- [WHAT YOU ARE ASKED TO DO] In the copy, include no images. Reproduce the entries exactly.

- [TASK MATERIAL]
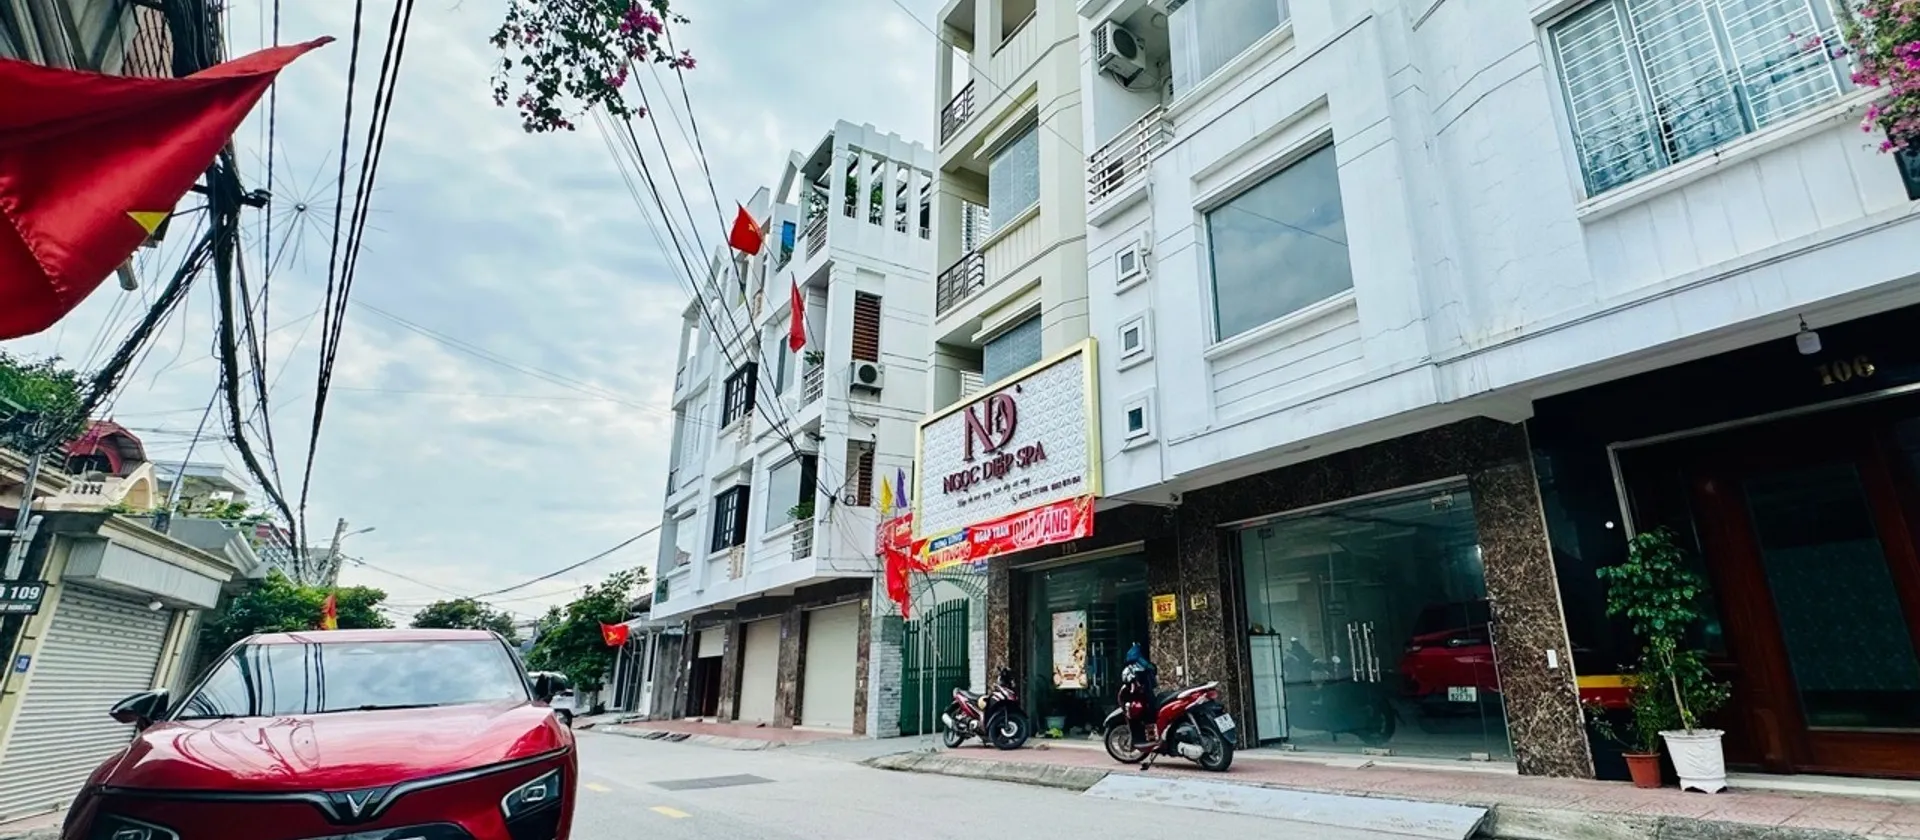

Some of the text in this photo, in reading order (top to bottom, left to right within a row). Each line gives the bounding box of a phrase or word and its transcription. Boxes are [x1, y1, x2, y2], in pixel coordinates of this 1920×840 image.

[1816, 356, 1875, 386] 106
[943, 465, 980, 494] NGỌC
[982, 451, 1014, 480] DIỆP
[1016, 441, 1047, 468] SPA
[11, 586, 40, 600] 109

- [WRITTEN ANSWER]
Some of the text in this photo, in reading order (top to bottom, left to right within a row). Each line gives the bounding box of a phrase or word and its transcription. Boxes are [x1, y1, x2, y2], in pixel coordinates of this 1920×840 image.

[1816, 356, 1875, 386] 106
[943, 465, 980, 494] NGỌC
[982, 451, 1014, 480] DIỆP
[1016, 441, 1047, 468] SPA
[11, 586, 40, 600] 109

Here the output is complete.